YOUR FAT DAUGHTER REMEMBERS WHAT YOU SAID
My dad was in the hospital cafeteria eating lasagna when I was born.
I was making lasagna at home when he flat-lined.
Symmetry.
My mom has low blood pressure. My dad’s was high. And I
am a gymnastics school dropout
with an inherited need to redefine balance.
(I always sat immovable on the seesaw
with a pile of kids trying to dethrone me.)
I’m fifteen, telling my parents I’m gay. Dad says:
I know you think you are
cause you’re a bigger girl
and boys don’t like you.
I start a list of his remarks like this.
When his heart stopped for the first time, I was making lasagna
with my first girlfriend. (She was closeted and was supposed to be
somewhere else at the time—maybe on an elephant, eating cardamom
marshmallows and counting every lucky constellation
her father points out in the hot Mumbai sky.)
There you were when you were skinny as a rail! (Age 9)
Dad says this in front of my family when we watch an old video.
I am four in the video.
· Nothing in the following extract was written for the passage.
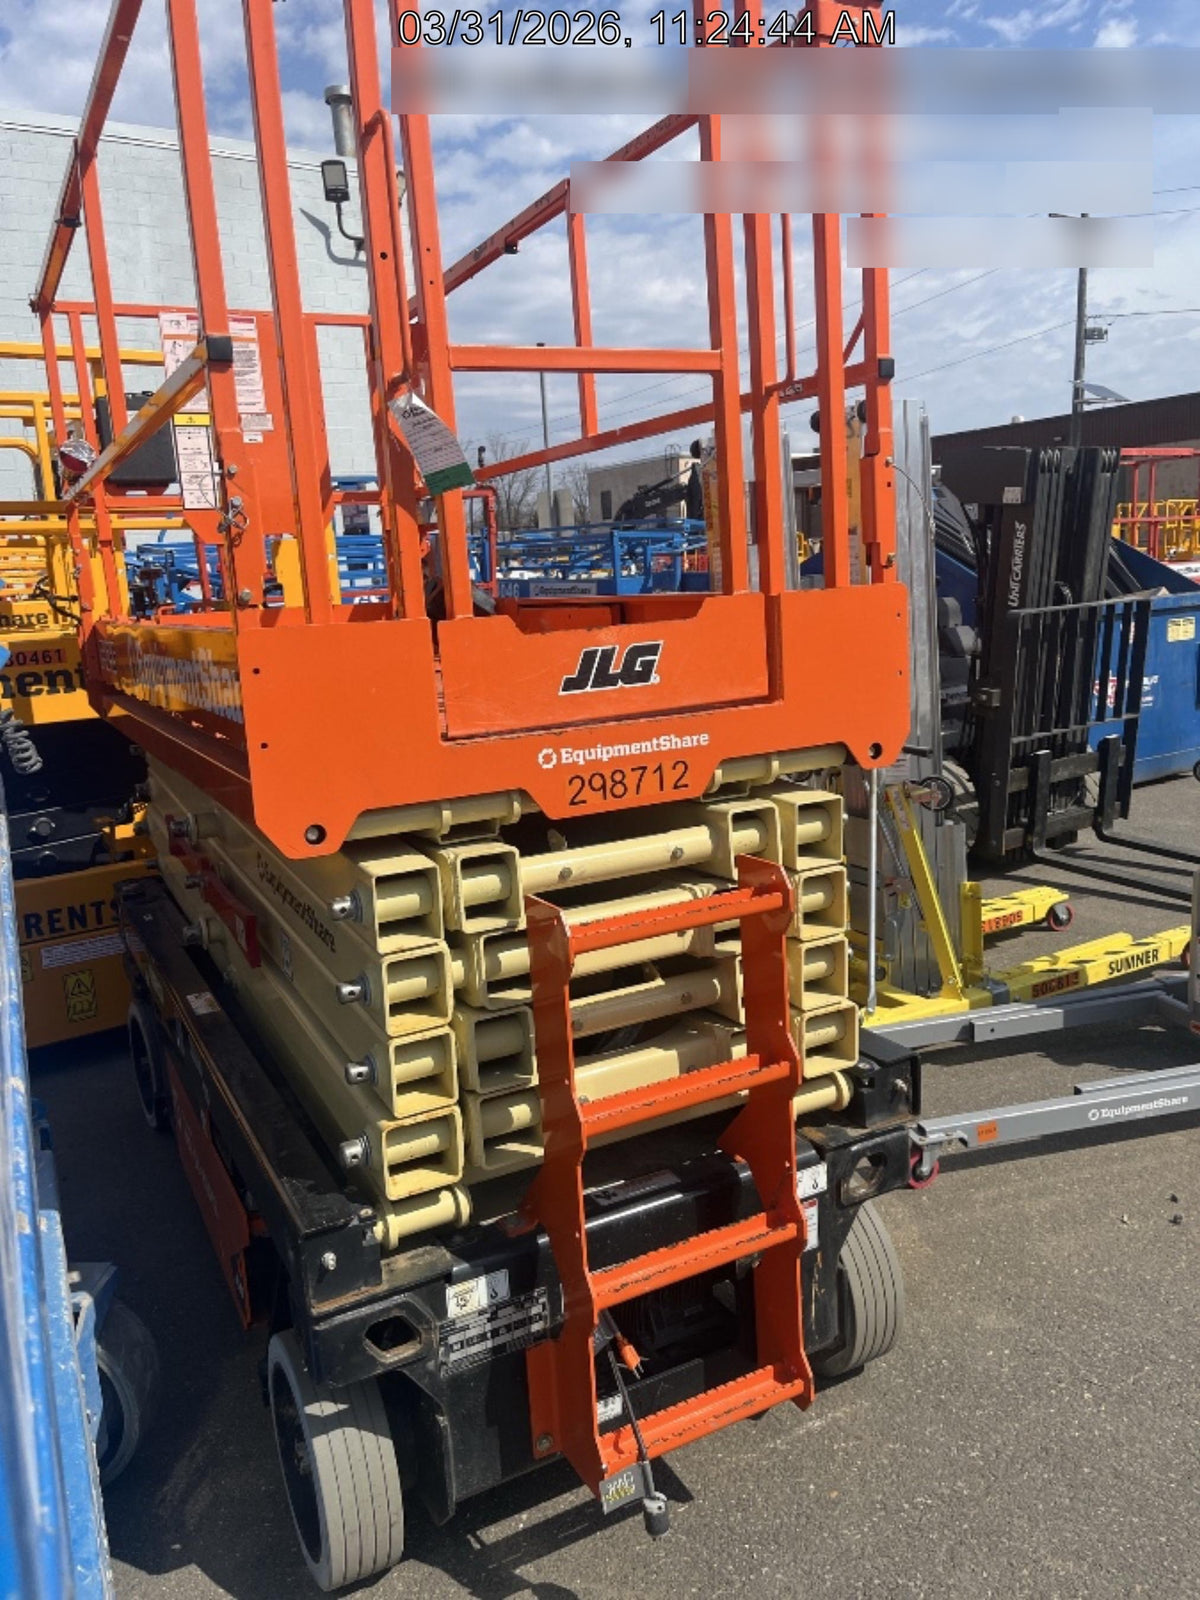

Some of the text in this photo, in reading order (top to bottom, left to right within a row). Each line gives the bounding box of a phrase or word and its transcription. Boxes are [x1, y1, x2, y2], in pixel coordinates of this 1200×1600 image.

[558, 640, 664, 695] JLG
[561, 733, 710, 766] EquipmentShare
[568, 760, 690, 806] 298712
[1101, 1096, 1189, 1119] EquipmentShare
I ask everyone
if they think this is an acceptable thing to say.
He didn’t mean it that way!
I remember knowing, at four, that he thought I was fat already.
(How fat can you be when you’re four?)
Lighten up, he’s just trying to encourage you!
Encourage me to what?
Choose a photograph from your hard drive and invert the colours.
Stare at it for thirty seconds. Close your eyes
and then open them in front of a flat white wall.
Now, each time you blink, you will see the photograph
as if it’s been branded on your insides.
I’m sure that somewhere a nun is doing this
with a digitized painting of white hippie Jesus.
She’s shrieking with vengeful glee, “That is the power of the holy spirit!”
The image is everywhere and nowhere, but it’s no spirit.
It is a matter of light and the physics of memory and
it is the way in which this list of comments reappears to me
each night and blink. Even if trauma is so last season.
You are going to trim your chin hairs
for your grandmother’s funeral.
Oh yes, you can see them.
I was noticing them in the light the other day
and it would mean a lot to your mother.
Get your sister to help you do it.
Girls don’t have chin hair. (Age 14)
My dad had wild white and black hair and a neck beard.
My mother’s family has curls that go Brillo pad in Atlantic air.
I have it all, from chin to chubby toes. How was I to know
that I ought to be ashamed
to be the heir apparent
to my parents’ hair?
You thought holy communion was a snack?
You would think that. (Age 6)
Months before he died, my dad carried a small portable cabin
through the woods with a buddy and said
If that doesn’t kill me, nothing will.
Irony is the new black, Dad,
and you know it’s slimming.
You’ll be 200 pounds
by the time you’re in grade eight. (Age 10)
(CHALLENGE ACCEPTED!)
I was eating smoked meat yesterday on the Boulevard
and noticed that the goods are measured on a silver scale
emblazoned with the slogan: “We Weigh the World.”
The same company produces a tool called a “strain gauge”
which indicates how much pressure is being put upon an object.
I saw a picture of a strain gauge glued across a crack in a brick house.
Am I the house or the gauge or am I the picketer with a placard that says
the possibility of collapse cannot be determined by formula—?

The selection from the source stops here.